### DIRECTIONS FOR THIS TASK
Each line of the data below goes into the copy exactly; pictures do not.

(MATERIAL TO PROCESS begins)

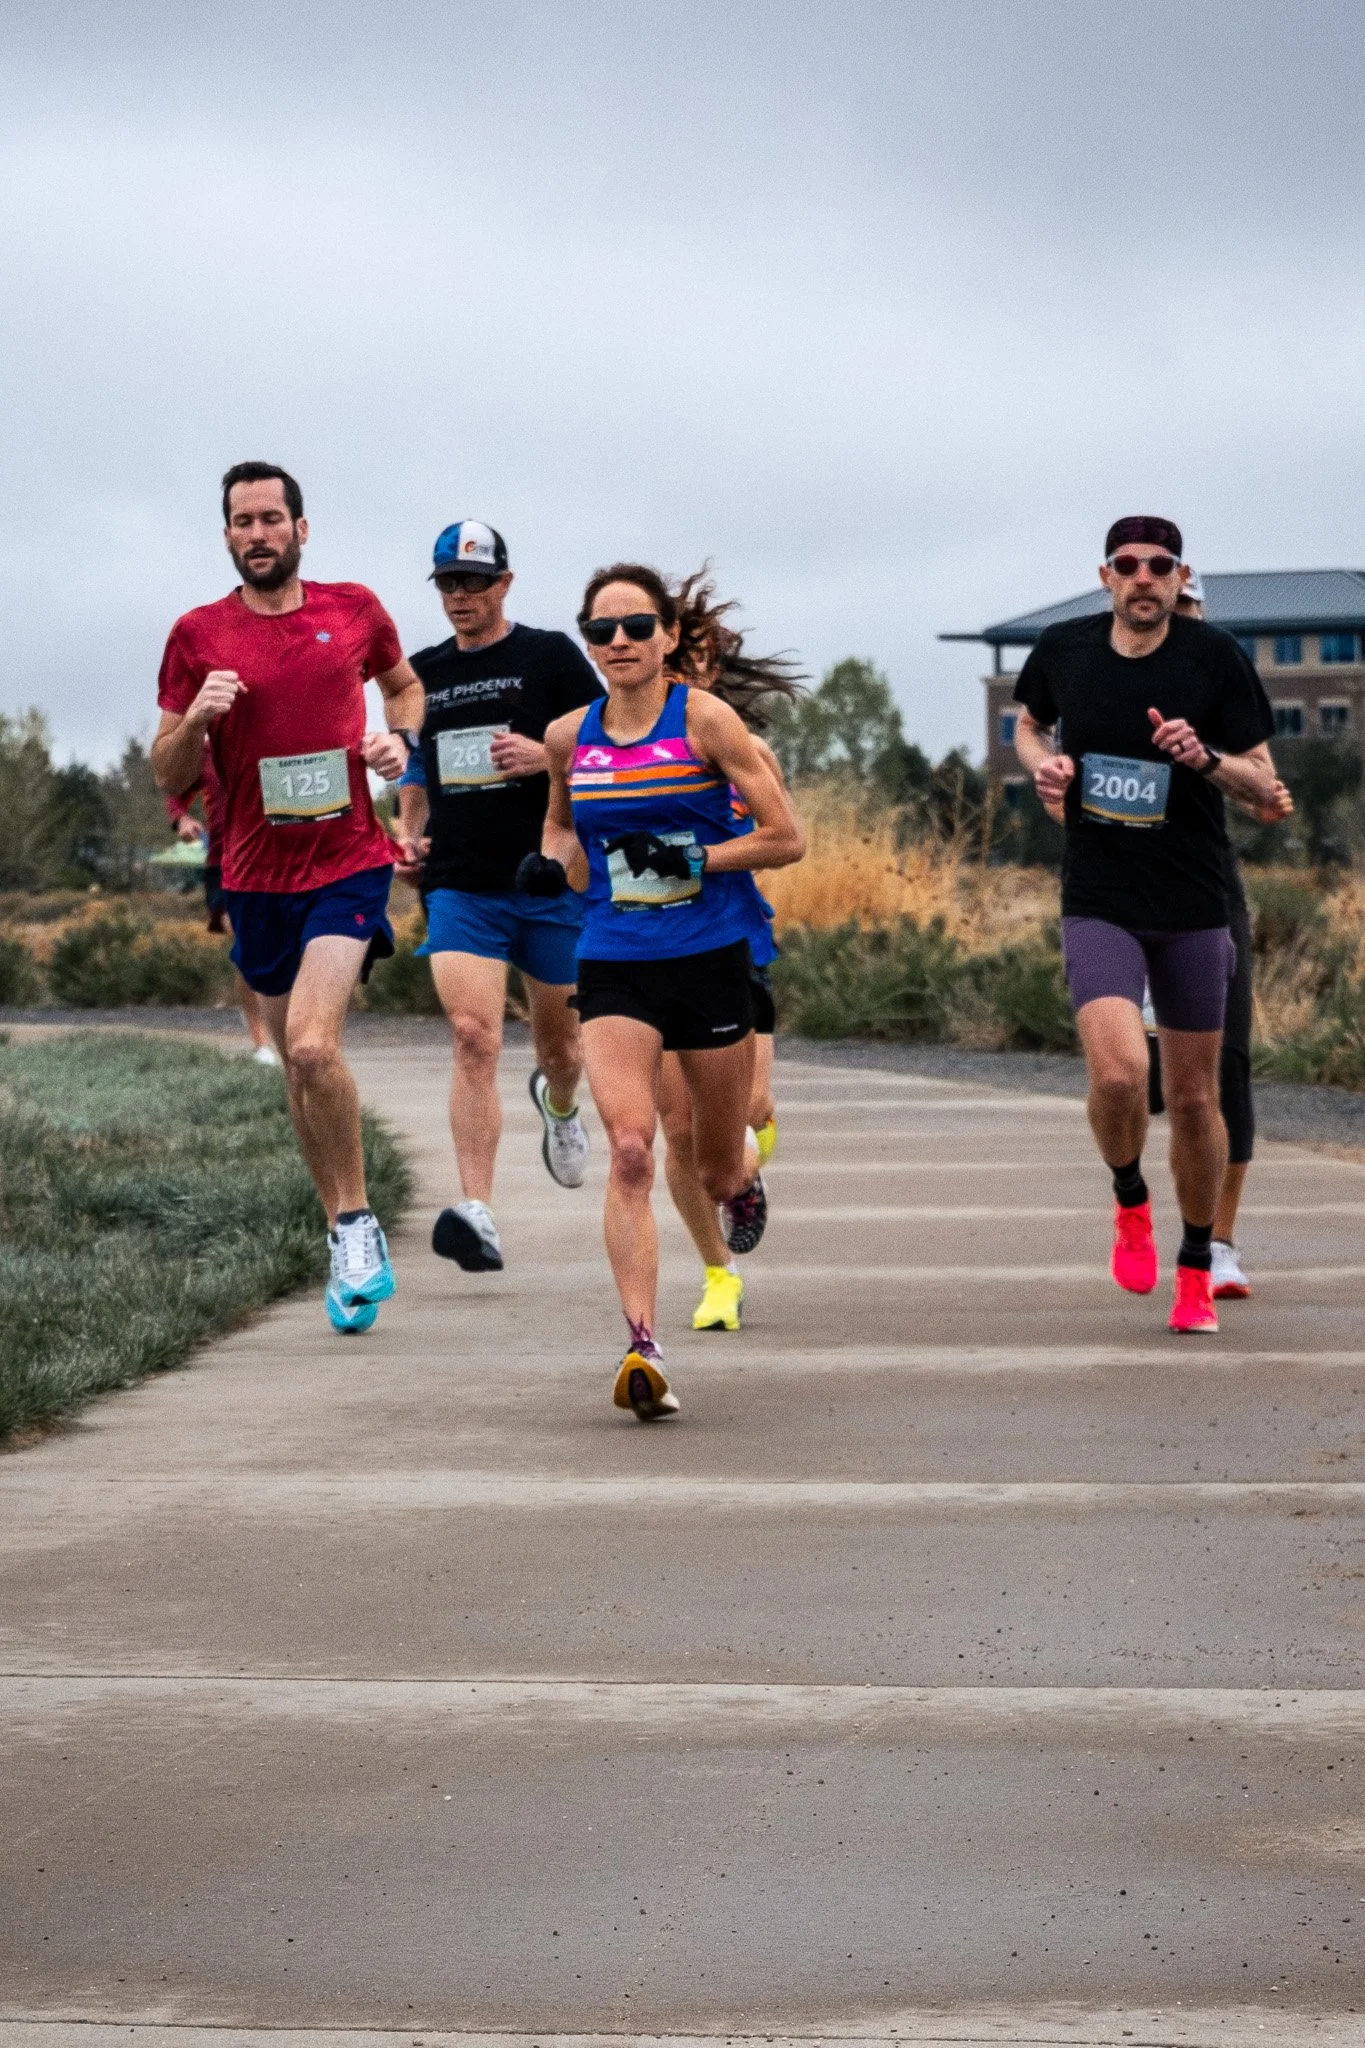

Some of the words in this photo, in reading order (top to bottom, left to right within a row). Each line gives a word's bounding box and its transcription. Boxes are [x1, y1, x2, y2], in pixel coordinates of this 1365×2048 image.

[452, 676, 523, 699] PHOENIX
[452, 743, 492, 768] 26
[280, 769, 331, 798] 125
[1089, 773, 1157, 804] 2004

(MATERIAL TO PROCESS ends)

### RESPONSE TO THIS EXERCISE
Some of the words in this photo, in reading order (top to bottom, left to right within a row). Each line gives a word's bounding box and its transcription. Boxes are [x1, y1, x2, y2], in pixel coordinates of this 1365×2048 image.

[452, 676, 523, 699] PHOENIX
[452, 743, 492, 768] 26
[280, 769, 331, 798] 125
[1089, 773, 1157, 804] 2004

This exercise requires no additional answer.